Here are some records; quote them exactly, leaving out the pictures.

==== Data

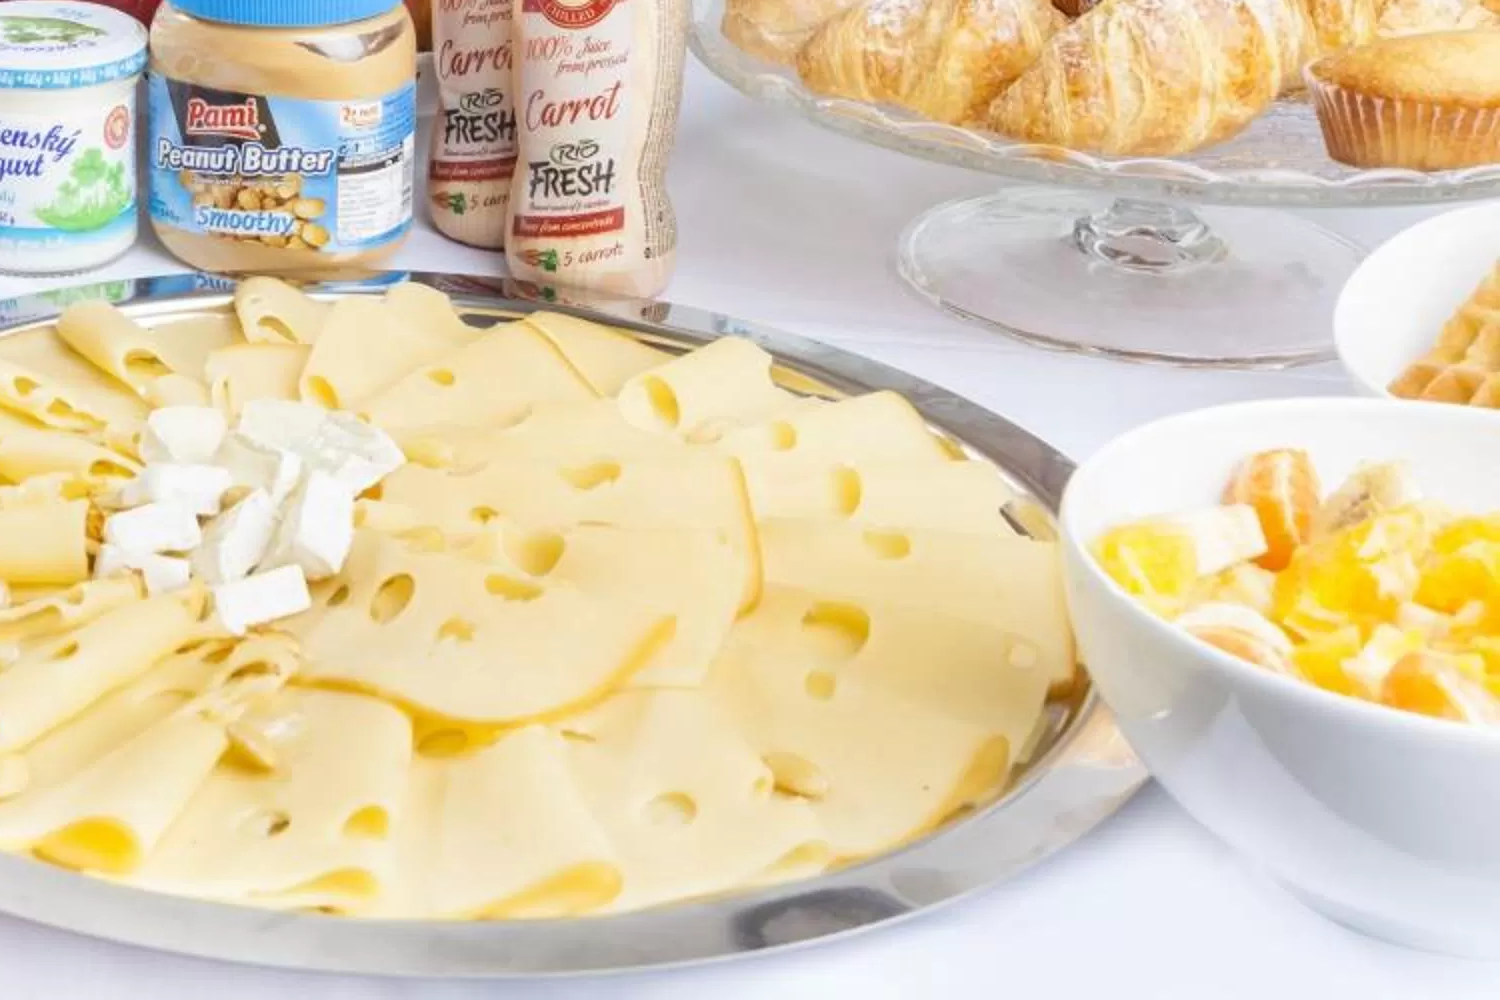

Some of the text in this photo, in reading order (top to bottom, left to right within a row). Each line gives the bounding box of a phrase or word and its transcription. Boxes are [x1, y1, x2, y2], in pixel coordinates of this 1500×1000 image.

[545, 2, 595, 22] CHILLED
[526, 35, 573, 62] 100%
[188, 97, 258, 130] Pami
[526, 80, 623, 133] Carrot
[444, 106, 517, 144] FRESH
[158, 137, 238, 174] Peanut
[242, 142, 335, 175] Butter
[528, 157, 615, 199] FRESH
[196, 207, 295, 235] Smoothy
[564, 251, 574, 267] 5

========

- _Response to the task_
Some of the text in this photo, in reading order (top to bottom, left to right within a row). Each line gives the bounding box of a phrase or word and its transcription. Boxes are [x1, y1, x2, y2], in pixel coordinates of this 1500×1000 image.

[545, 2, 595, 22] CHILLED
[526, 35, 573, 62] 100%
[188, 97, 258, 130] Pami
[526, 80, 623, 133] Carrot
[444, 106, 517, 144] FRESH
[158, 137, 238, 174] Peanut
[242, 142, 335, 175] Butter
[528, 157, 615, 199] FRESH
[196, 207, 295, 235] Smoothy
[564, 251, 574, 267] 5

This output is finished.